Although the entries contain pictures, copy only their text, exactly as written.

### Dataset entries
· · ·

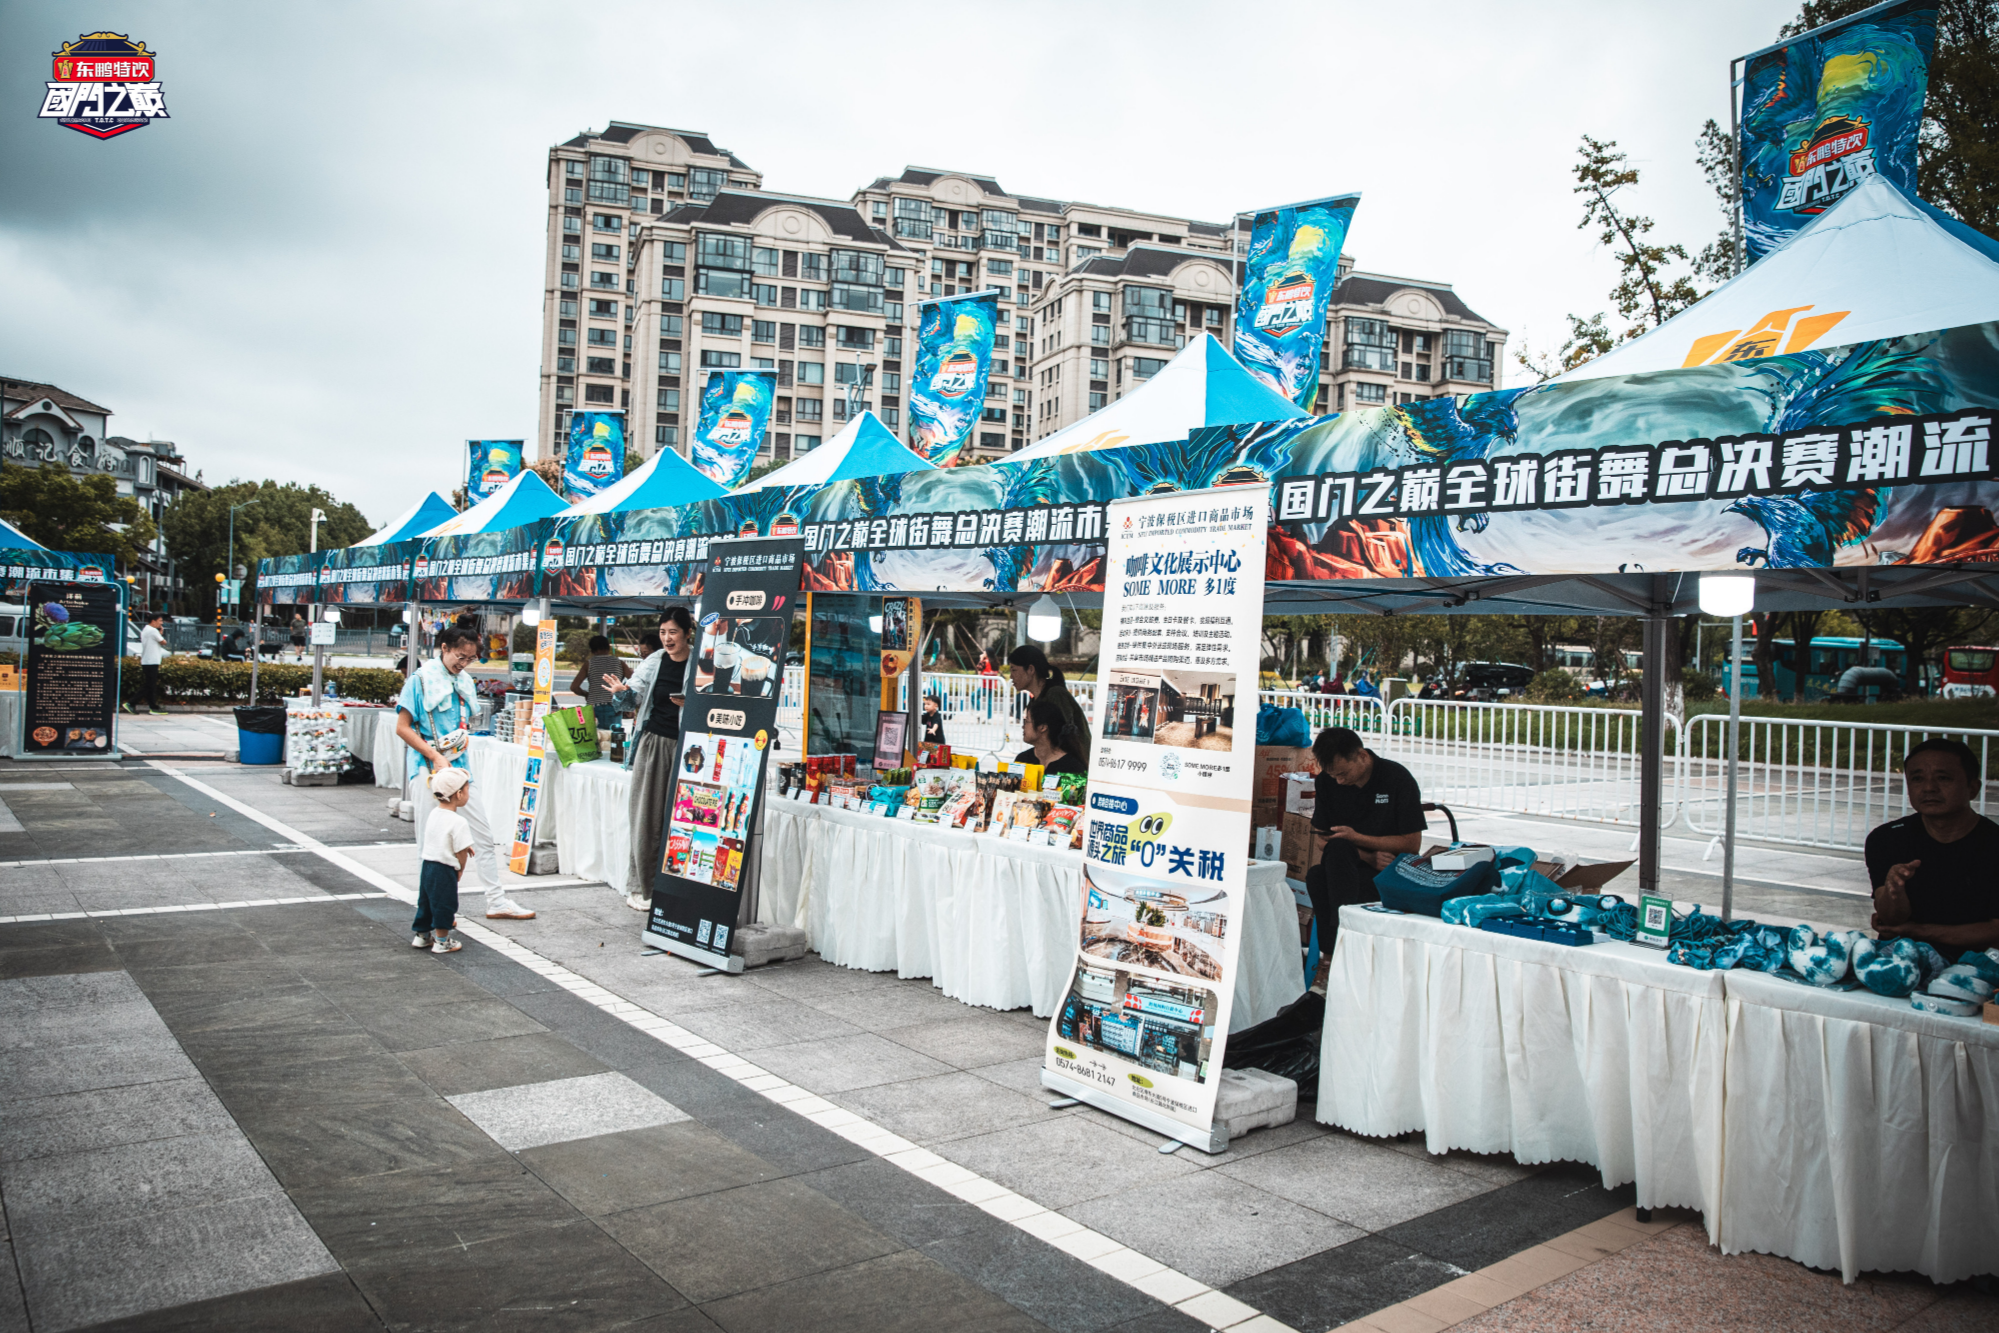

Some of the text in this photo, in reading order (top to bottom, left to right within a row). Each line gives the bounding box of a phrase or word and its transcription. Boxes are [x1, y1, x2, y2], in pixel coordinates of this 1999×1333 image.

[1806, 132, 1863, 167] 东鹏特饮
[1280, 415, 1992, 521] 国门之巅全球街舞总决赛潮流
[803, 504, 1110, 551] 国门之巅全球街舞总决赛潮流市
[1138, 506, 1254, 529] 宁波保税区进口商品市场
[1227, 523, 1253, 531] MARKET
[565, 533, 735, 567] 国门之巅全球街舞总决赛潮流
[1125, 549, 1242, 578] 咖啡文化展示中心
[735, 594, 763, 606] 手冲咖啡
[1123, 576, 1237, 597] SOME MORE 多1度
[1127, 760, 1148, 772] 9999
[1089, 819, 1129, 846] 世界商品
[1056, 1057, 1116, 1086] 0574-8681 2147
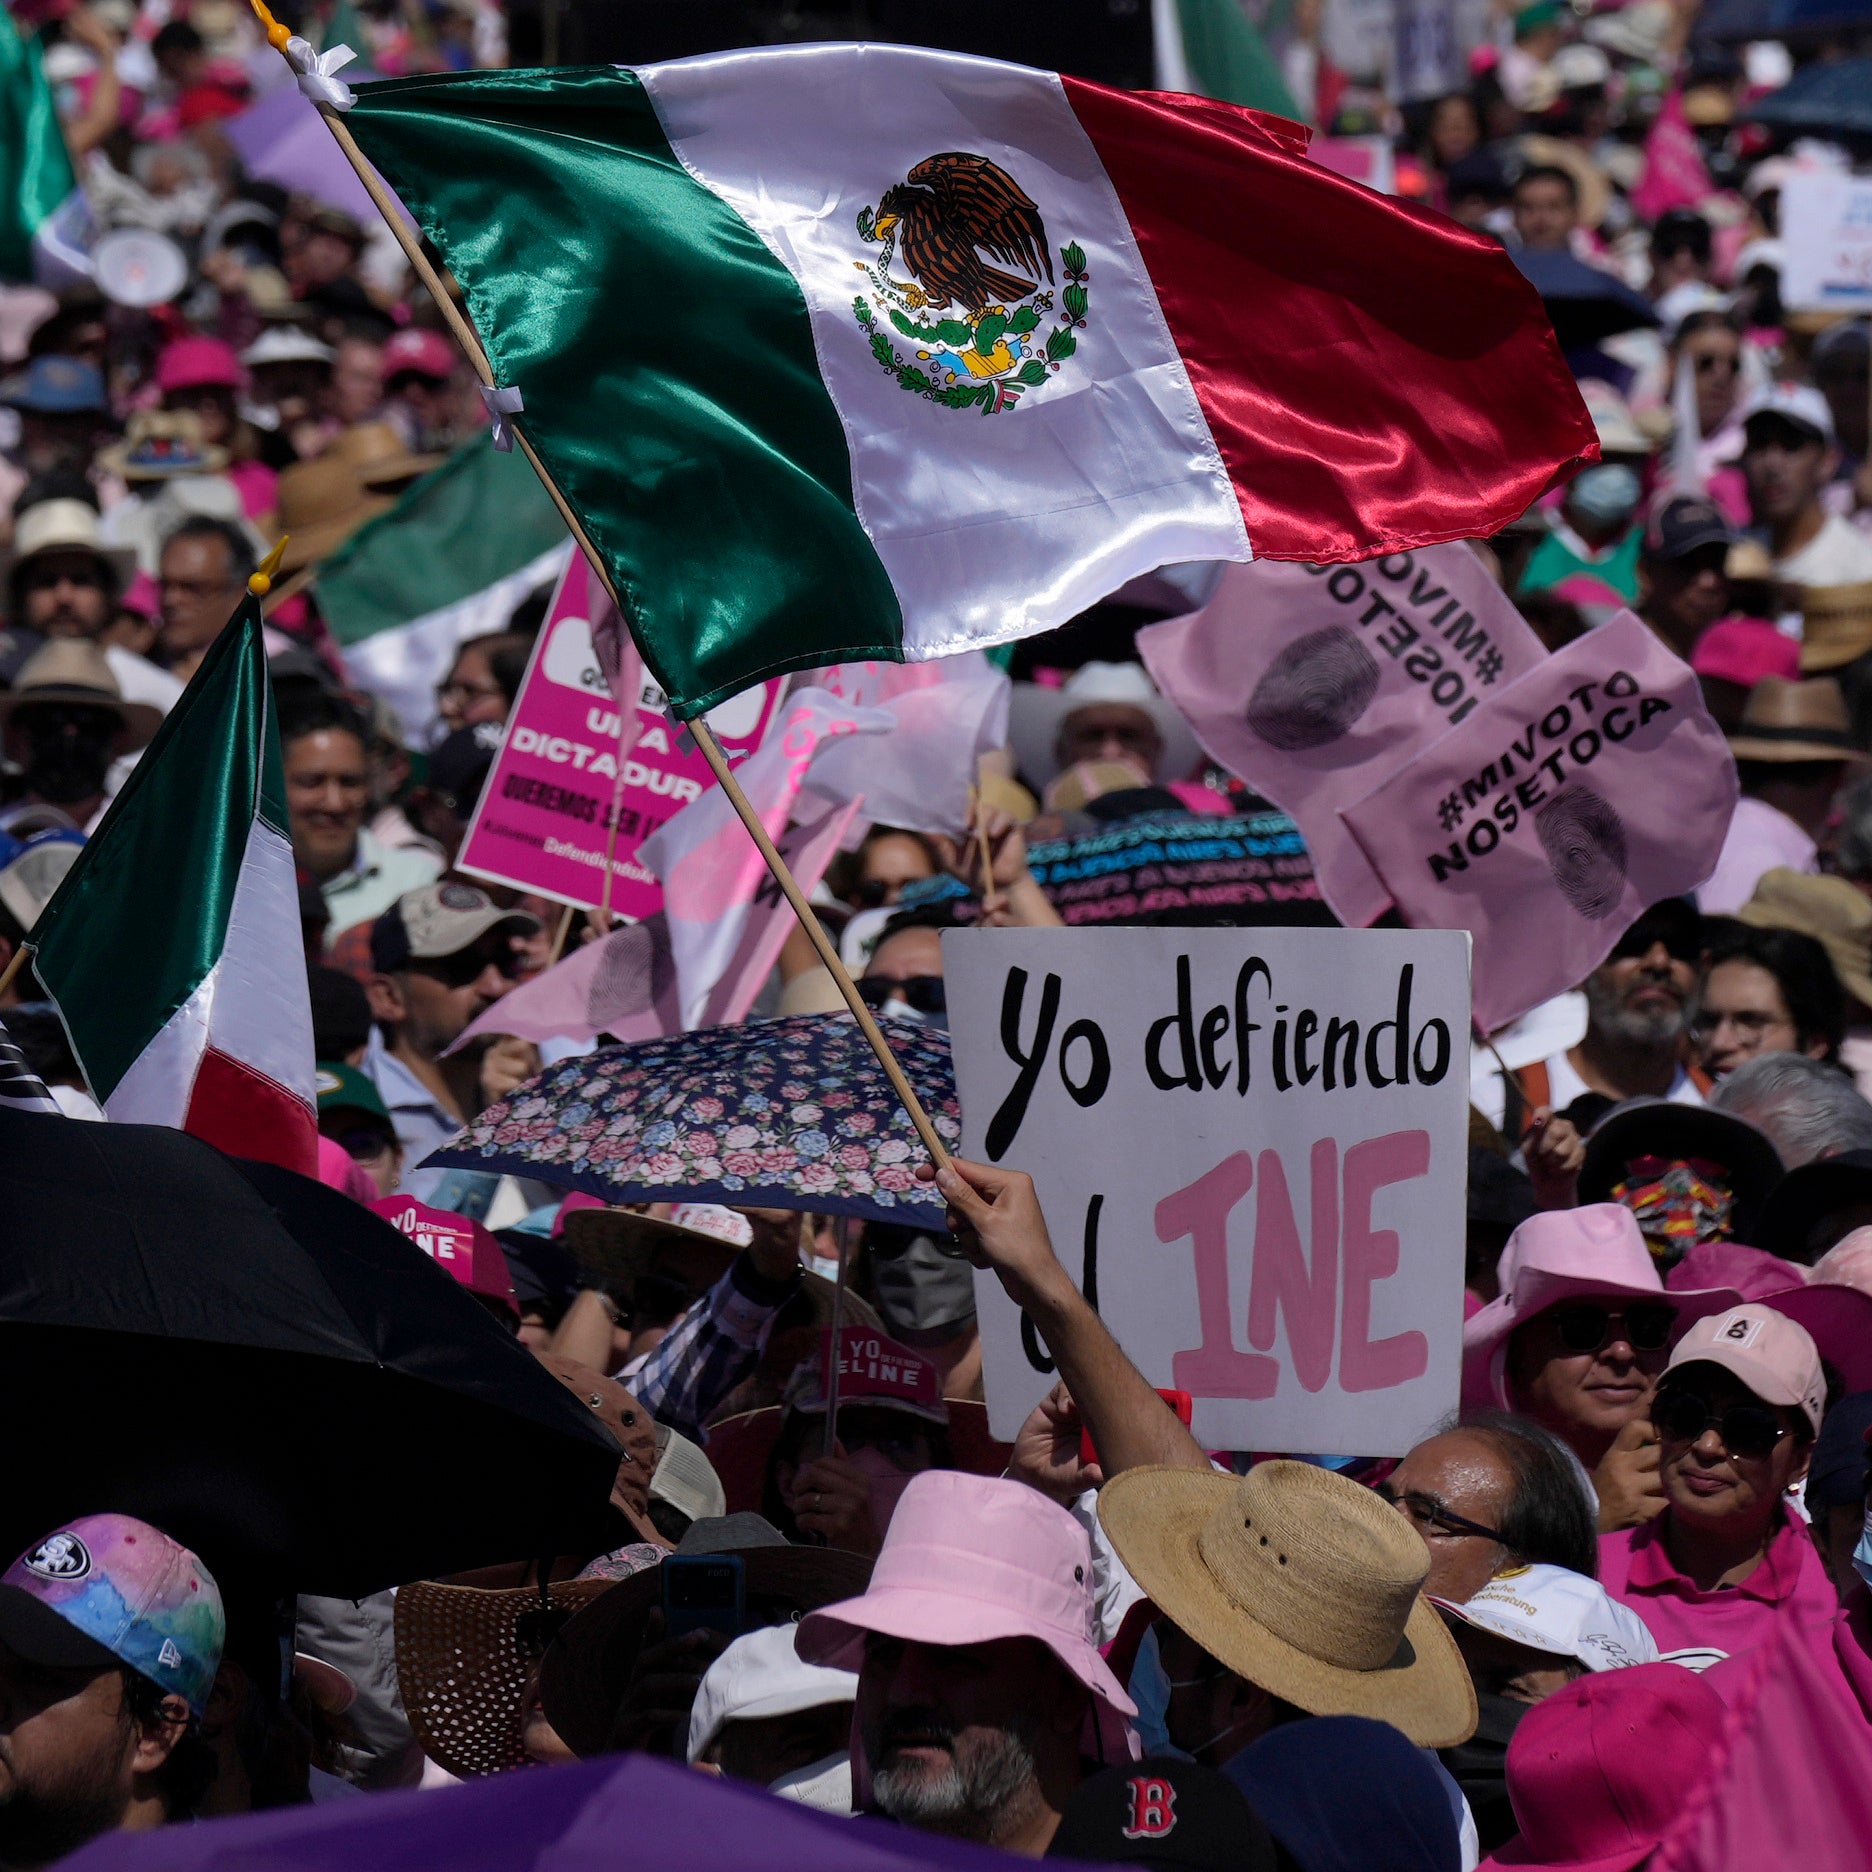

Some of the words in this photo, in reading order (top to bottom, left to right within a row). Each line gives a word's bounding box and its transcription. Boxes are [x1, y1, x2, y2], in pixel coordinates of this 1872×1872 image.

· · ·

### Output of the exercise
Some of the text in this photo, in reading order (top to bottom, left to right within a row). Each line gives the bounding box of a phrase or word and its transcription. Boxes are [x1, y1, x2, y2], in pixel coordinates of this 1999×1333 image.

[1806, 132, 1863, 167] 东鹏特饮
[1280, 415, 1992, 521] 国门之巅全球街舞总决赛潮流
[803, 504, 1110, 551] 国门之巅全球街舞总决赛潮流市
[1138, 506, 1254, 529] 宁波保税区进口商品市场
[1227, 523, 1253, 531] MARKET
[565, 533, 735, 567] 国门之巅全球街舞总决赛潮流
[1125, 549, 1242, 578] 咖啡文化展示中心
[735, 594, 763, 606] 手冲咖啡
[1123, 576, 1237, 597] SOME MORE 多1度
[1127, 760, 1148, 772] 9999
[1089, 819, 1129, 846] 世界商品
[1056, 1057, 1116, 1086] 0574-8681 2147

Some of the words in this photo, in reading order (top to bottom, left to right within a row). Each line gives a word's bounding box and its transcription. Boxes are [x1, y1, x2, y2], in pixel coordinates of this 1872×1872 image.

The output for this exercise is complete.